◆ TASK OBJECTIVE
All of the data below should be set down again verbatim, without any images.

◆ EXTRACTED MATERIAL
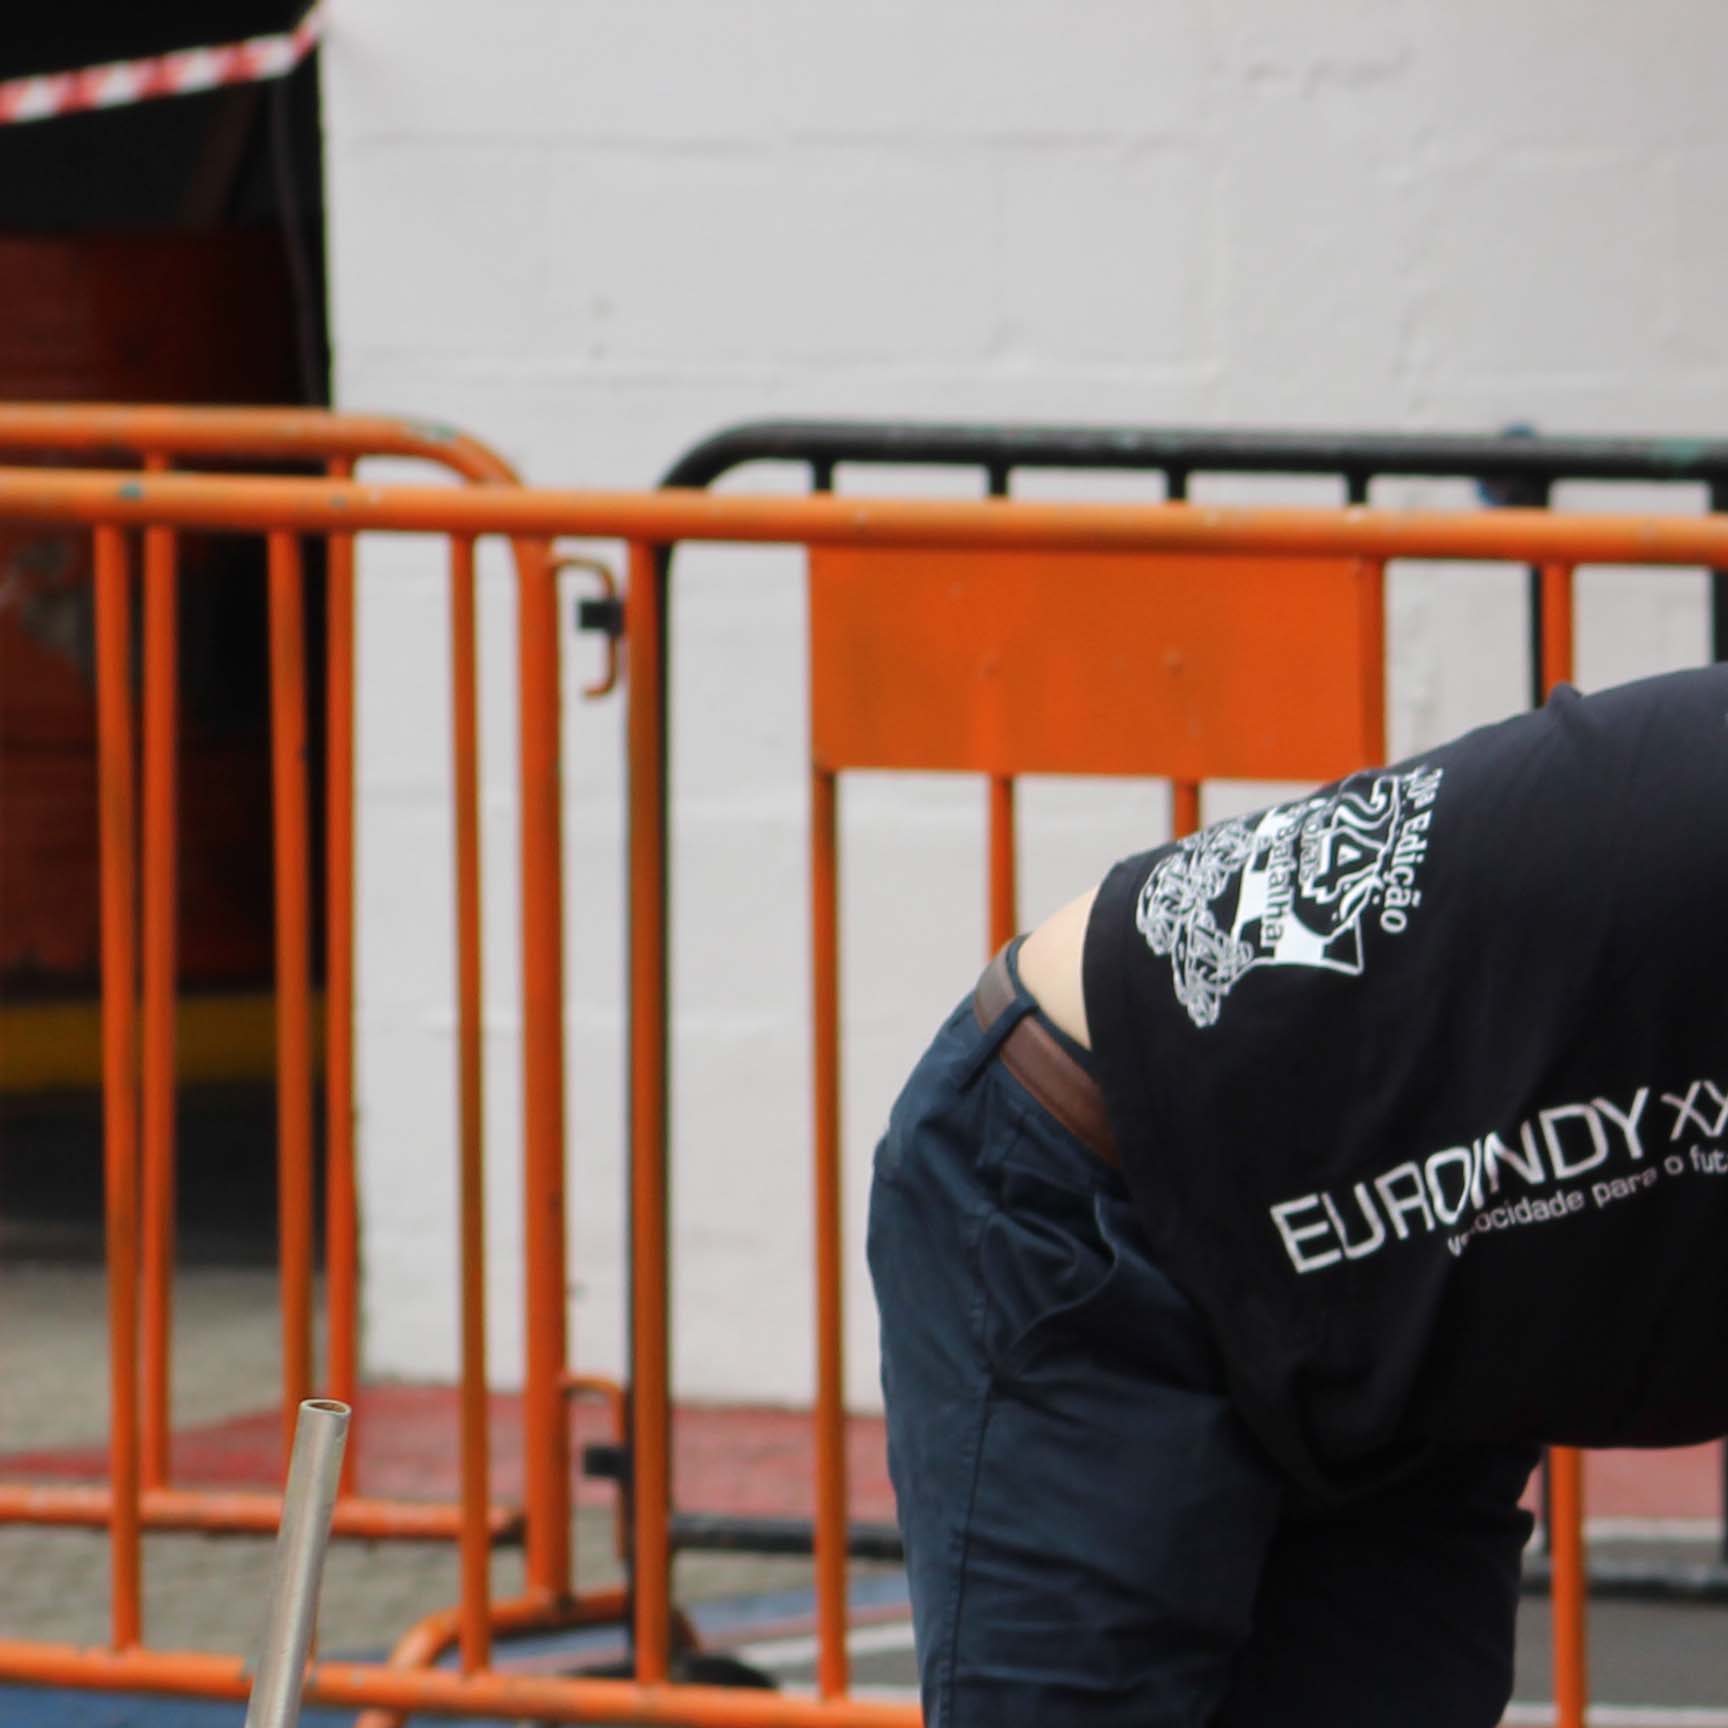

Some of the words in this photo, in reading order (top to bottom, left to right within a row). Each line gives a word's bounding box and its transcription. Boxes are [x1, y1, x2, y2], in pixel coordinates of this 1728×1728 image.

[1379, 810, 1433, 934] Edição
[1269, 1087, 1650, 1275] EUROINDY
[1446, 1189, 1585, 1257] veocidade
[1592, 1166, 1658, 1209] para
[1663, 1154, 1685, 1176] o
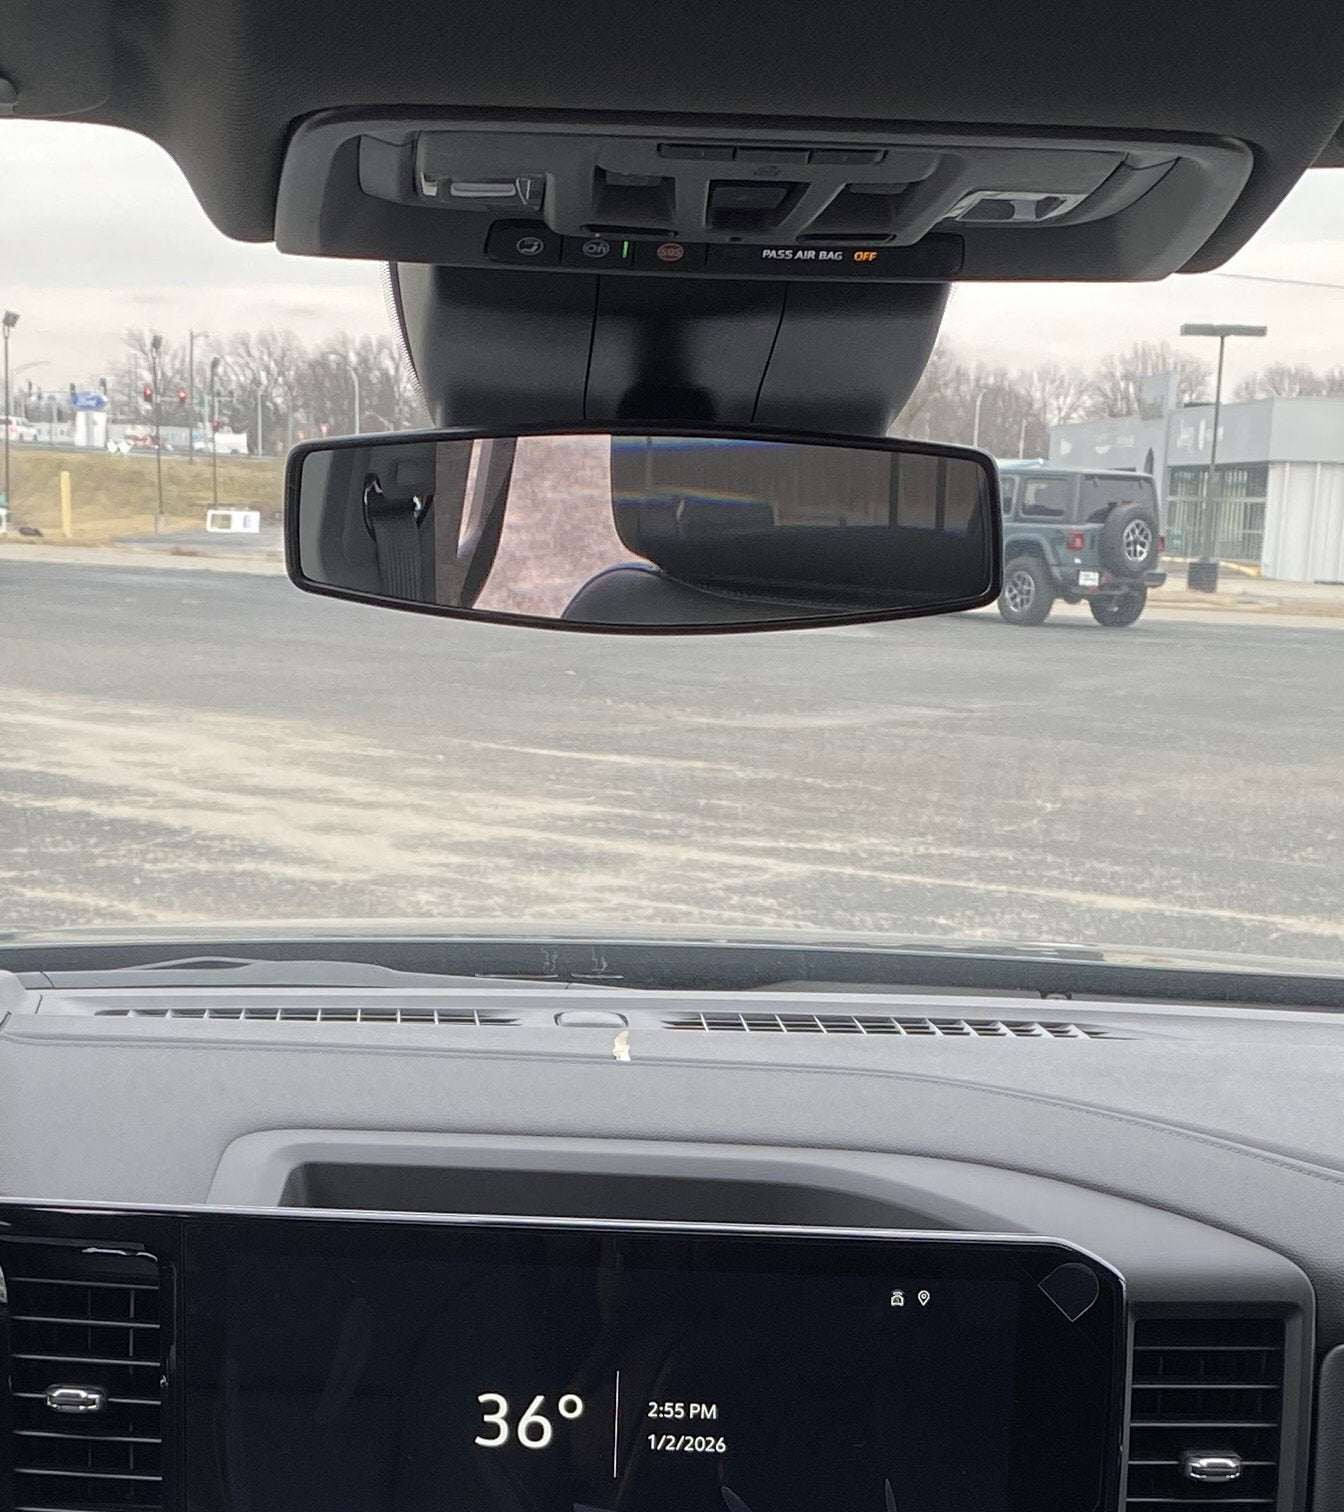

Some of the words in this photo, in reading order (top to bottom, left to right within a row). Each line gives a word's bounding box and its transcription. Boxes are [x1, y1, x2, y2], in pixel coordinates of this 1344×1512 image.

[762, 249, 793, 259] PASS
[794, 250, 816, 260] AIR
[818, 251, 843, 260] BAG
[854, 251, 878, 261] OFF
[647, 1401, 685, 1419] 2:55
[689, 1403, 718, 1420] PM
[648, 1434, 727, 1453] 1/2/2026
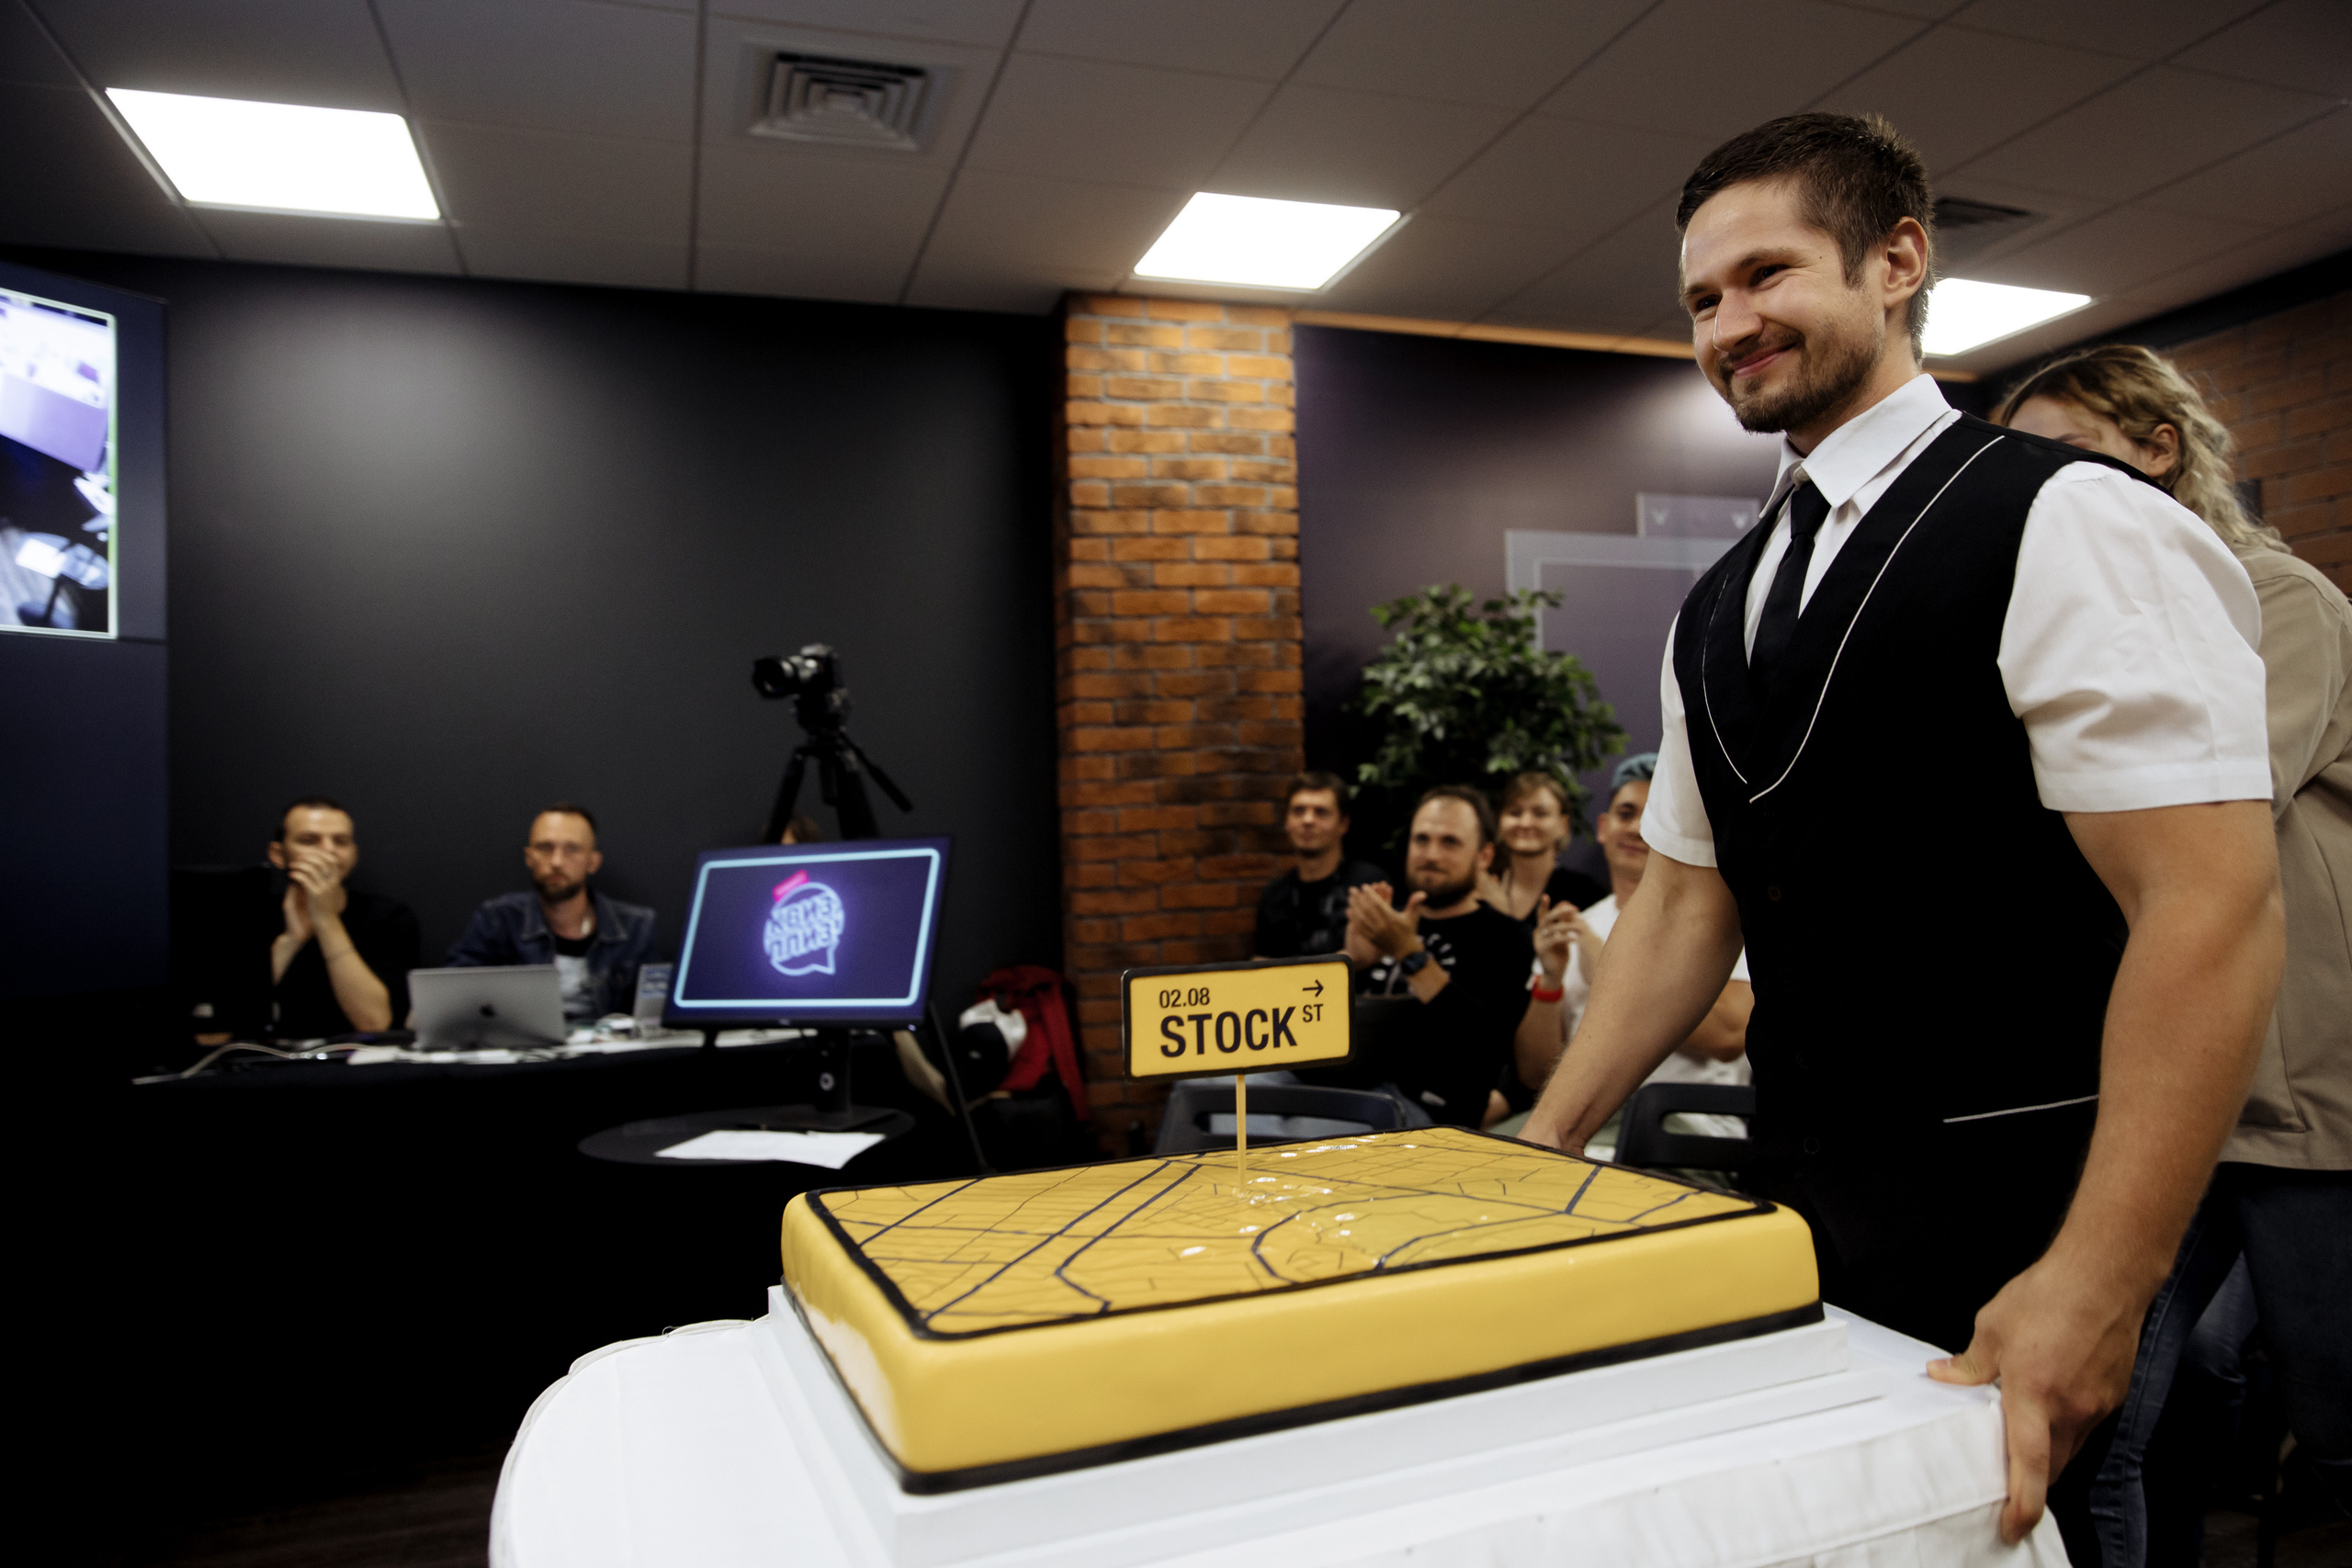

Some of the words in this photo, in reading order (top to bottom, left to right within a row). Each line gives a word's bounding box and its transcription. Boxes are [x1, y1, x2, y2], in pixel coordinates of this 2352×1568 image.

◆ RESULT
Some of the words in this photo, in reading order (top to bottom, left to right within a row). Each line gives a word's bounding box and its transcription. Boxes are [x1, y1, x2, y2], in pixel coordinates of this 1728×1728 image.

[1379, 810, 1433, 934] Edição
[1269, 1087, 1650, 1275] EUROINDY
[1446, 1189, 1585, 1257] veocidade
[1592, 1166, 1658, 1209] para
[1663, 1154, 1685, 1176] o

Some of the words in this photo, in reading order (top to bottom, left to right within a row). Each line gives a word's bounding box and its transcription. Boxes are [x1, y1, x2, y2], in pixel coordinates of this 1344×1512 image.

[762, 249, 793, 259] PASS
[794, 250, 816, 260] AIR
[818, 251, 843, 260] BAG
[854, 251, 878, 261] OFF
[647, 1401, 685, 1419] 2:55
[689, 1403, 718, 1420] PM
[648, 1434, 727, 1453] 1/2/2026

Some of the words in this photo, in reading order (top to bottom, left to right within a row). Each line gives a word's bounding box and its transcription. Boxes are [x1, y1, x2, y2], in pixel coordinates of this 2352×1568 image.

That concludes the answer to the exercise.